Se o álbum faz um balanço do passado, a turnê é escrita no presente. Ele a batizou de “LiMiNaL”, em referência ao limiar — a pausa carregada que antecede uma mudança de fato — e fala abertamente que a escolha foi tanto uma mensagem para si mesmo quanto um conceito para o público. “’LiMiNaL’ se refere a uma fronteira ou ao estado de estar no limiar. Escolhi o título ‘LiMiNaL’ para esta turnê porque queria dar um passo além da forma como vinha fazendo as coisas até agora”, explica. Ele descreve esta era como uma porta diante da qual está parado, com o próximo capítulo à espera do outro lado. “De certa forma, acho que ‘LiMiNaL’ representa quem sou agora, diante desse limiar. E, por meio de ‘PHASE 2’, que virá em seguida, quero mostrar uma versão de mim que atravessou essa fronteira e deu mais um passo adiante.”
Boa parte desse impulso remonta a um campo no deserto da Califórnia. Taemin se apresentou no Coachella anunciado como o primeiro solista homem coreano a fazê-lo, e a dimensão daquele momento claramente se gravou nele de forma permanente. “Também percebi: ‘Há um mercado muito maior e um mundo muito maior lá fora’”, conta. O que ficou foi a maneira como o público ocupava o espaço, movendo-se e cantando junto, em vez de apenas assistir à apresentação — algo que, discretamente, redefiniu sua percepção sobre o próprio trabalho. “No passado, eu costumava abordar a música concentrando-me sobretudo na performance em si. Agora, penso mais em como a música pode ser sentida pela perspectiva do público.”
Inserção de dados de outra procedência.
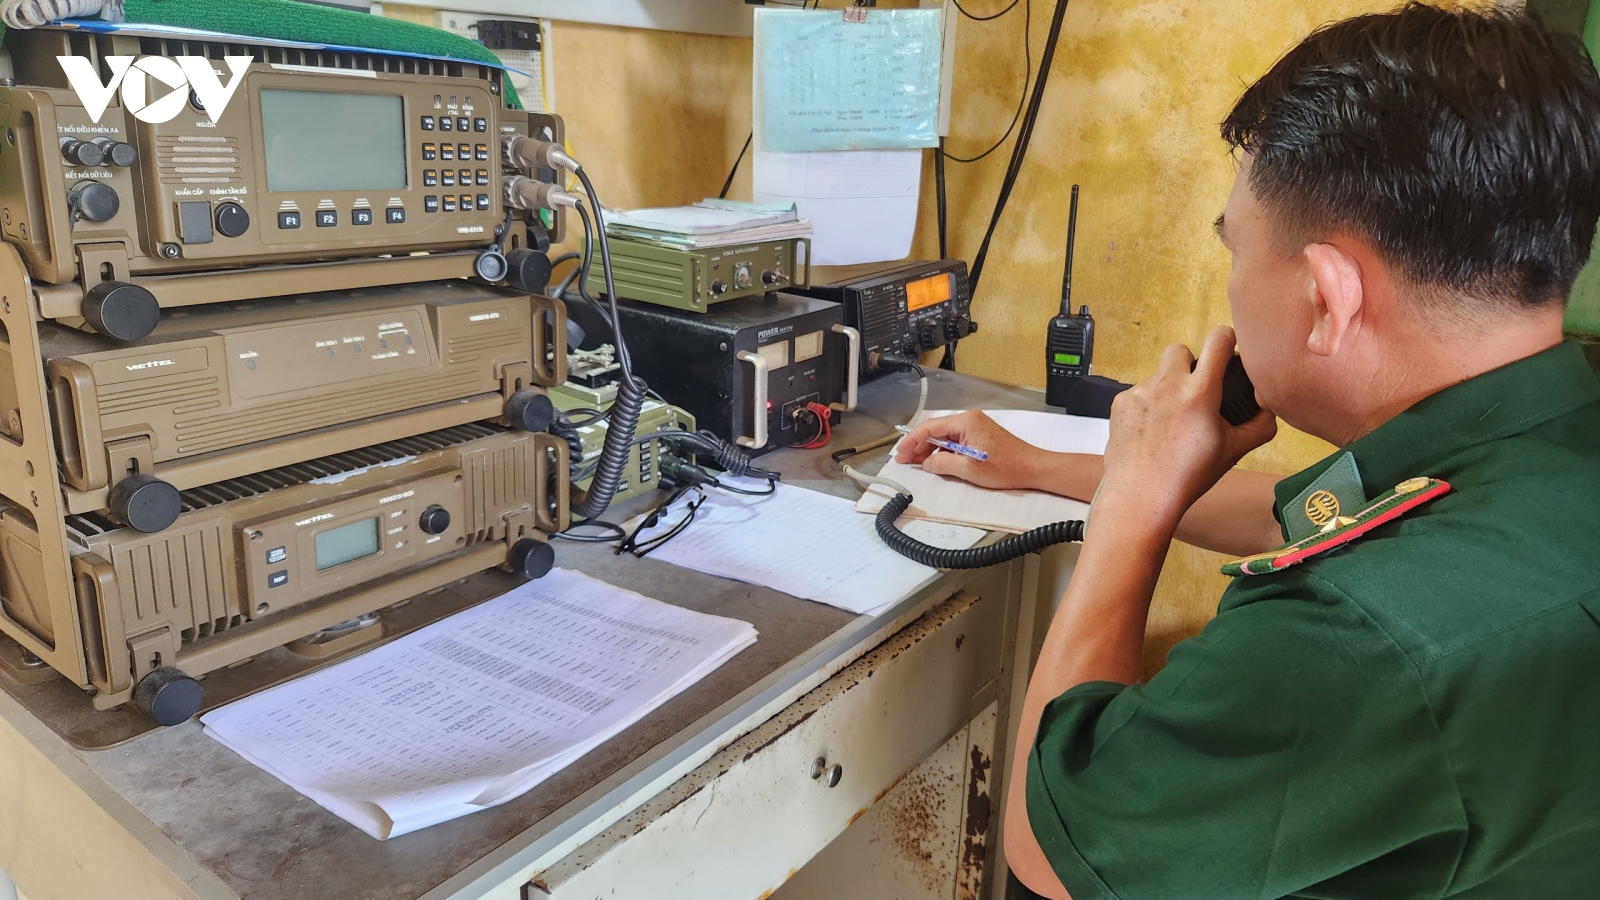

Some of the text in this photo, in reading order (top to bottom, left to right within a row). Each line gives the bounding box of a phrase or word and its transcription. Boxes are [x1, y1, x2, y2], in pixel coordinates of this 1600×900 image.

[77, 124, 90, 133] ĐIỀU
[66, 170, 77, 179] KẾT
[79, 170, 89, 178] NỐI
[100, 171, 113, 179] LIỆU
[175, 187, 204, 195] KHẨN CẤP
[324, 215, 334, 223] F2
[393, 212, 402, 220] F4
[286, 217, 296, 225] F1
[758, 327, 779, 339] POWER
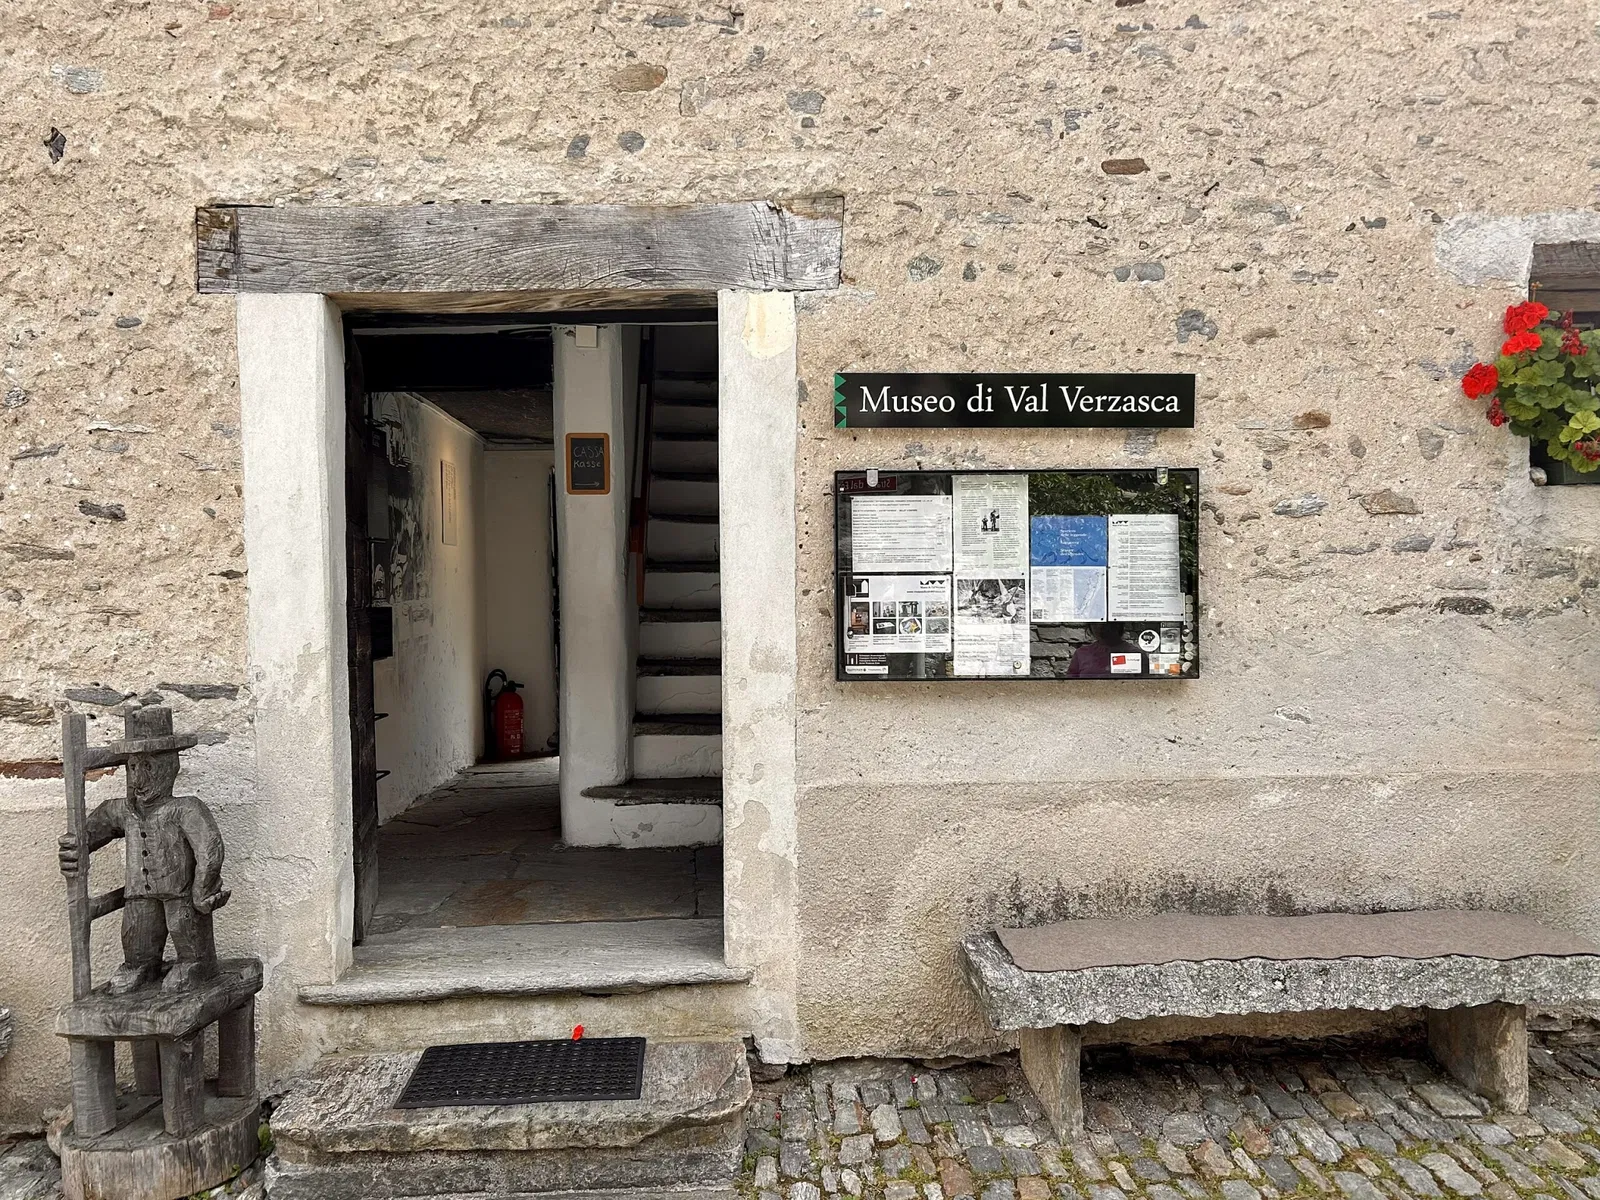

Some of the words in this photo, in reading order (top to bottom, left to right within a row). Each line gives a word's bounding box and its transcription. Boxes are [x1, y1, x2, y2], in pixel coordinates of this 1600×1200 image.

[859, 385, 956, 413] Museo
[966, 383, 995, 413] di
[1004, 383, 1050, 413] Val
[1058, 385, 1181, 413] Verzasca
[573, 446, 604, 459] CASSA
[573, 460, 602, 469] Kasse
Uma percepção assim ganha mais peso para quem está tão avançado na carreira. Depois de quase duas décadas, Taemin tem um método que funciona — e é justamente isso que agora quer desestabilizar. “Então, em vez de continuar repetindo o que venho fazendo todos esses anos, quero tentar trabalhar nos álbuns de uma forma um pouco diferente”, diz. Esse impulso também se estende à maneira como escreve, produz e constrói o universo visual de cada lançamento. Ainda assim, ele faz questão de não vender isso como uma reinvenção. “De certa forma, acho que a fronteira que quero atravessar agora não diz respeito a abandonar as coisas que fiz bem até aqui. Trata-se de usar essas experiências como base e, ao mesmo tempo, me permitir explorar novas maneiras de fazer as coisas.”
Para um artista tão consolidado, toda essa conversa sobre limiares poderia facilmente se transformar em branding. Taemin, porém, faz isso soar mais como uma disciplina: uma forma de seguir em frente sem abrir mão do que o trouxe até aqui. PHASE 1: Soft Violence estabelece os termos. PHASE 2, ele promete, é onde atravessa a fronteira.